AAA: 51 Percent Surveyed Willing To Pay For Better Roads

Cameron Aubernon
by Cameron Aubernon

As those inside the Beltway debate how best to fund their responsibility for the nation’s transportation infrastructure, a AAA study finds most Americans would pay more taxes for better roads.

Autoblog reports 67 percent of the 2,013 surveyed by AAA want the federal government to get it together and put more money into maintenance, with 52 percent in support of an increase in fuel taxes. Further, 51 percent surveyed would go as far as supporting a candidate who would support increases in funding for road maintenance and construction.
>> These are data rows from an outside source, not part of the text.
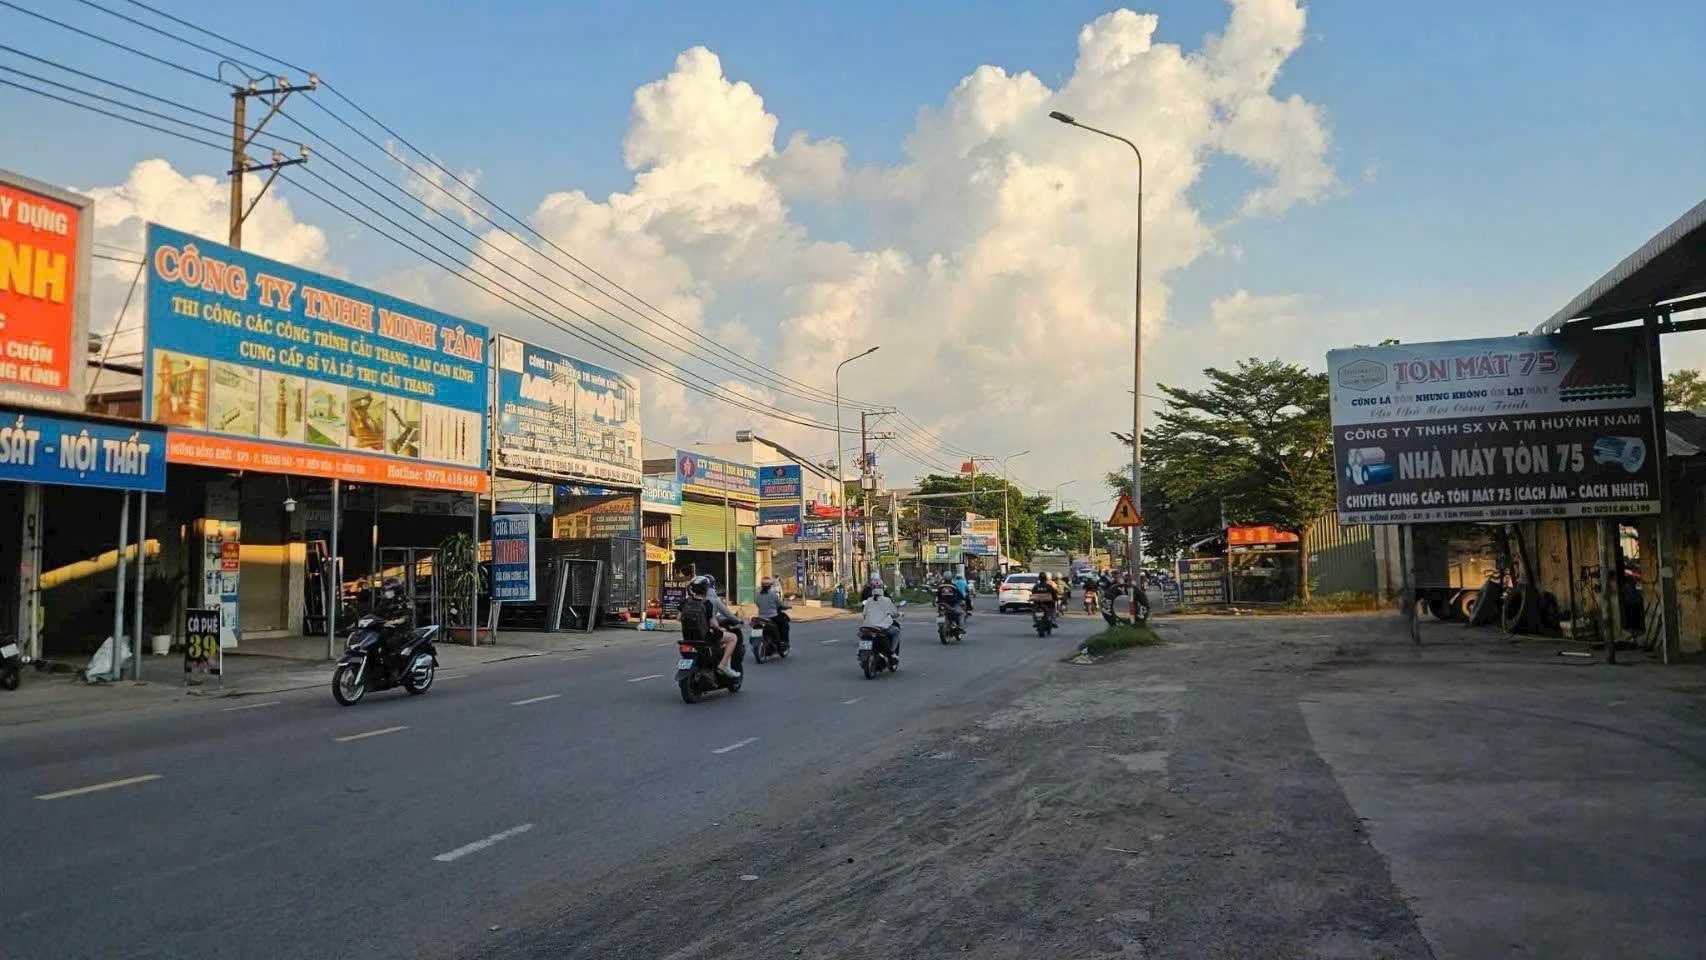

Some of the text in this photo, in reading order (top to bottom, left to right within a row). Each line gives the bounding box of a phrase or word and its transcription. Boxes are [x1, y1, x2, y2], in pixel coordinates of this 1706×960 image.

[17, 201, 68, 236] DỰNG
[154, 243, 483, 363] CÔNG TY TNHH MINH TÂM
[172, 296, 199, 318] THI
[203, 302, 241, 328] CÔNG
[246, 313, 273, 335] CÁC
[276, 320, 310, 344] CÔNG
[313, 328, 348, 353] TRÌNH
[350, 335, 373, 358] CẦU
[413, 356, 432, 372] LAN
[433, 361, 451, 378] CAN
[452, 363, 474, 383] KÍNH
[20, 364, 60, 386] KÍNH
[240, 341, 275, 362] CUNG
[279, 345, 304, 368] CẤP
[322, 356, 339, 376] VÀ
[404, 378, 435, 396] THANG
[1393, 356, 1450, 385] TÔN
[1518, 350, 1560, 376] 75
[1380, 394, 1391, 404] LÀ
[1452, 389, 1487, 400] KHÔNG
[1344, 414, 1641, 442] CÔNG TY TNHH SX VÀ TM HUỲNH NAM
[0, 414, 40, 465] SẮT
[60, 428, 98, 479] NỘI
[103, 431, 150, 476] THẤT
[1397, 440, 1584, 480] NHÀ MÁY TÔN 75
[387, 465, 422, 480] Hotline:
[1346, 491, 1386, 509] CHUYÊN
[1389, 492, 1419, 507] CUNG
[1421, 488, 1445, 505] CẤP:
[1447, 488, 1470, 504] TÔN
[1498, 488, 1512, 502] 75
[1515, 484, 1546, 502] (CÁCH
[1550, 483, 1568, 499] ÂM
[1578, 481, 1608, 498] CÁCH
[1610, 480, 1649, 500] NHIỆT)
[495, 519, 508, 536] CỬA
[187, 614, 219, 633] CÀ PHÊ
[188, 634, 217, 658] 39
AAA CEO and president Bob Darbelnet added that many Americans were “willing to pay a little more” in taxes if the result led to “better roads, bridges and transit systems,” having become “fed up with record-long commutes, unsafe highways and never-ending potholes caused by political inaction.” In turn, the organization claims drivers would save $324 annually on road-related repairs for their vehicles.
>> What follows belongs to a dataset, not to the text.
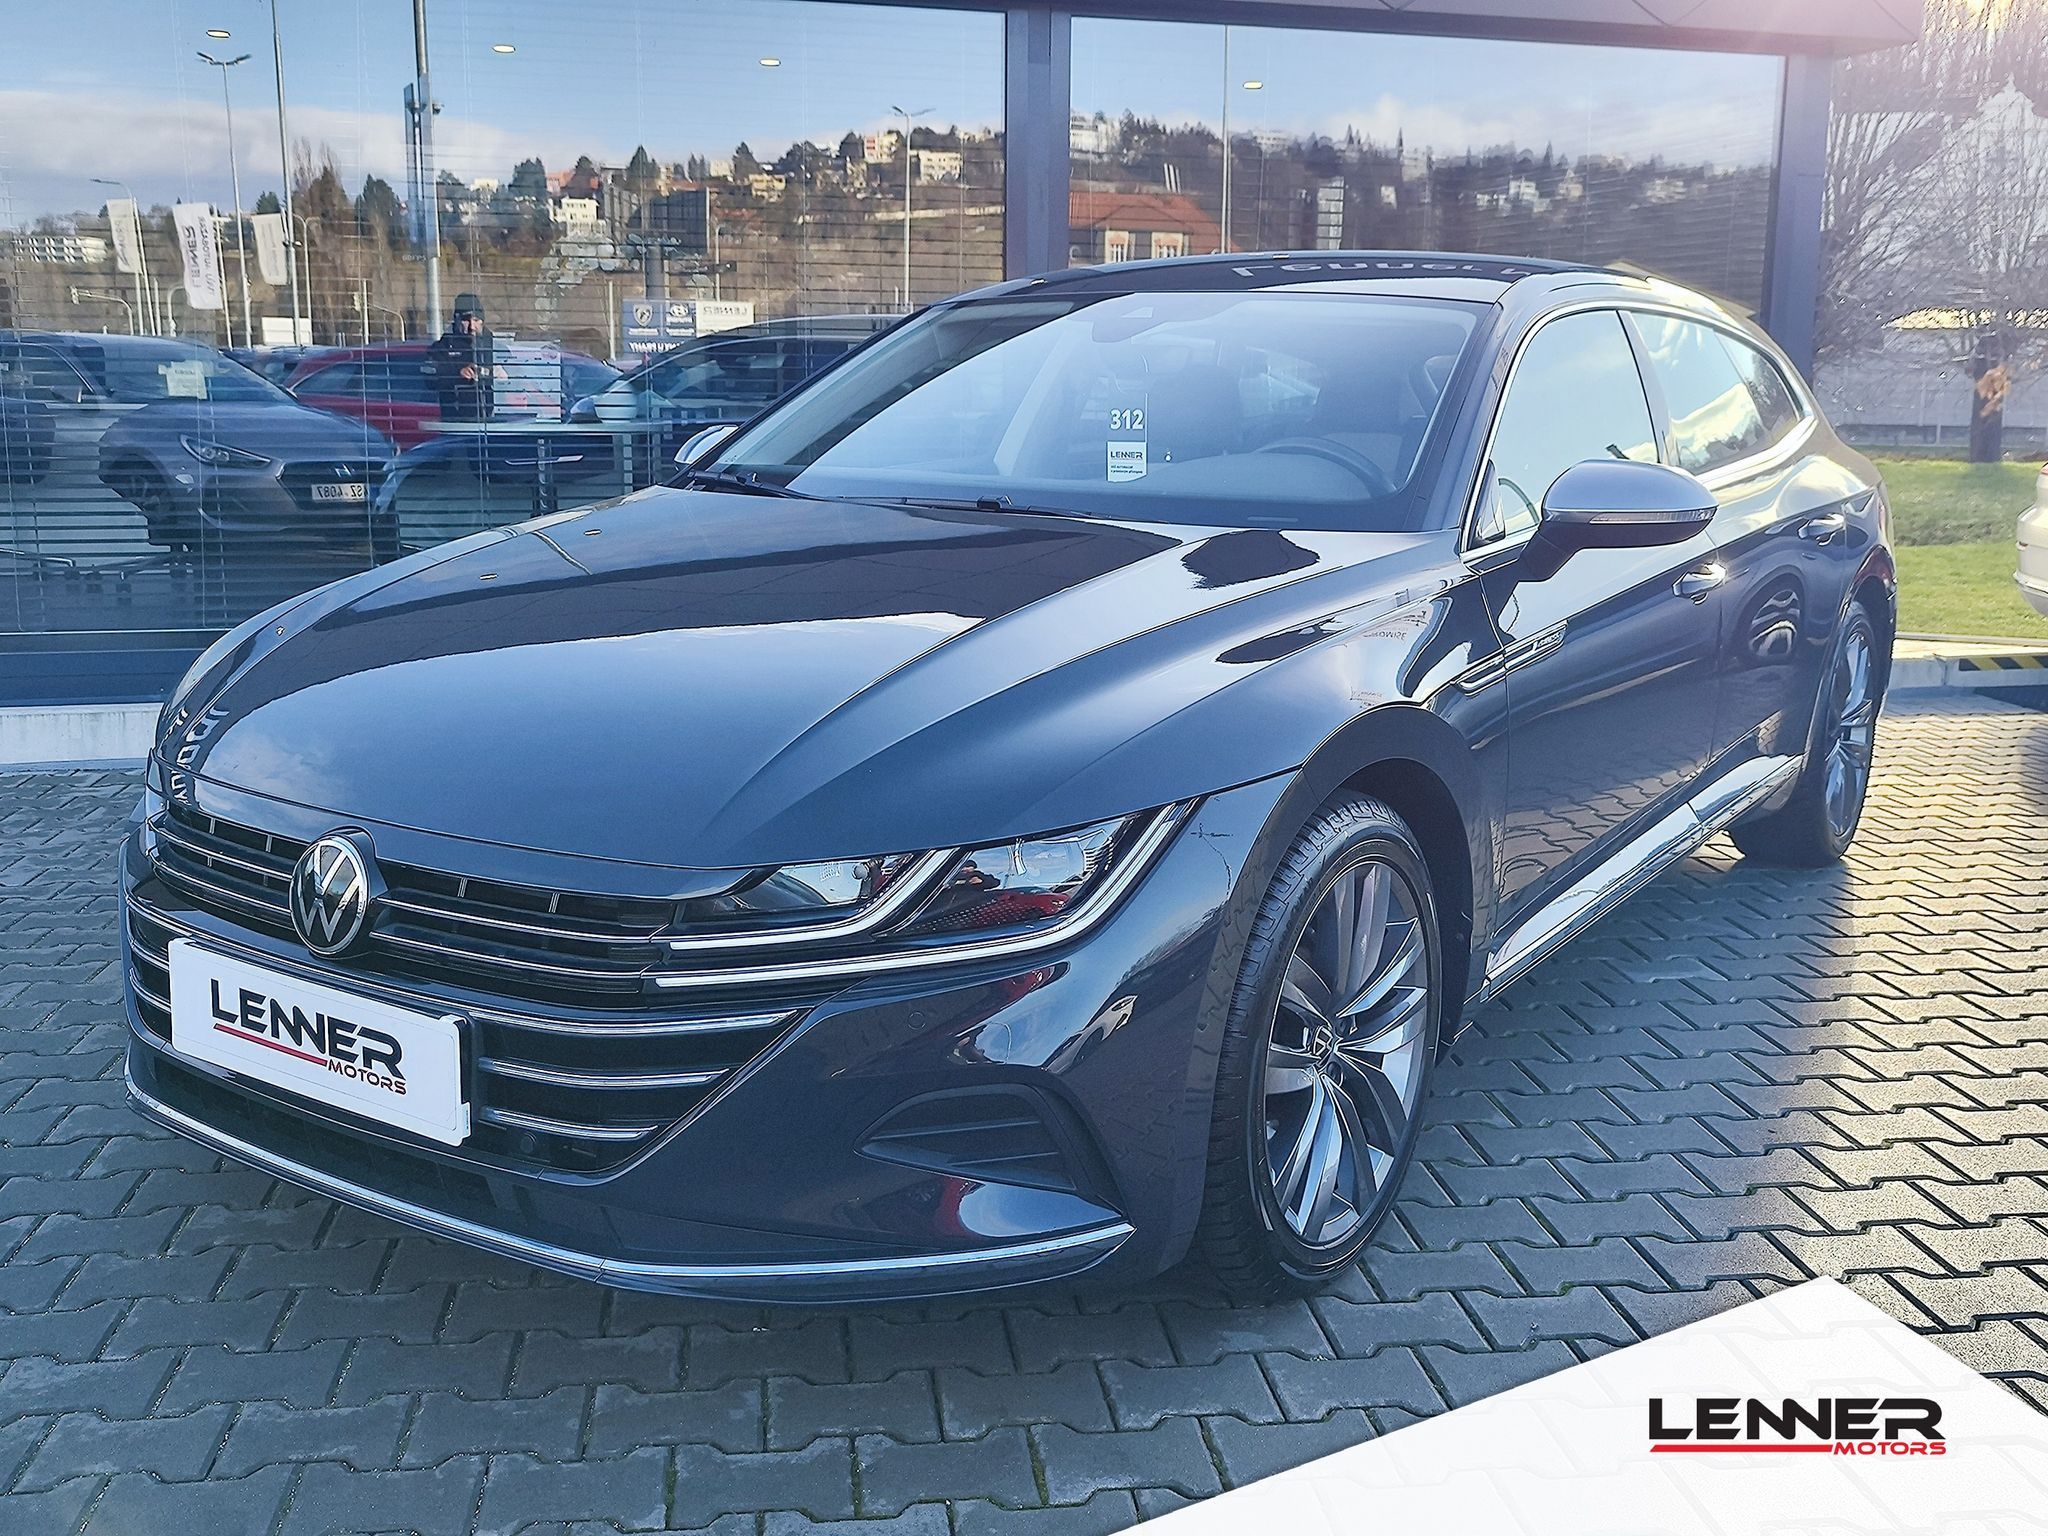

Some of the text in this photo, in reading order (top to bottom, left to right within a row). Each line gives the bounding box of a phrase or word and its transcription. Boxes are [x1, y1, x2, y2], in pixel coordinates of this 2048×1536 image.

[1110, 408, 1144, 431] 312
[1110, 451, 1143, 460] LENNER
[211, 978, 406, 1080] LENNER
[328, 1058, 407, 1096] MOTORS
AAA’s call to action comes under the potential threat of road work delays when the Highway Trust Fund — whose replenishment depends on the 18.3-cent/gallon gasoline and 22.4-cent/gallon diesel taxes that last saw an increase over 20 years ago — runs out of funds sometime this August. The Obama administration and a few members of Congress have offered solutions to the funding problem, but nothing more as come of them thus far.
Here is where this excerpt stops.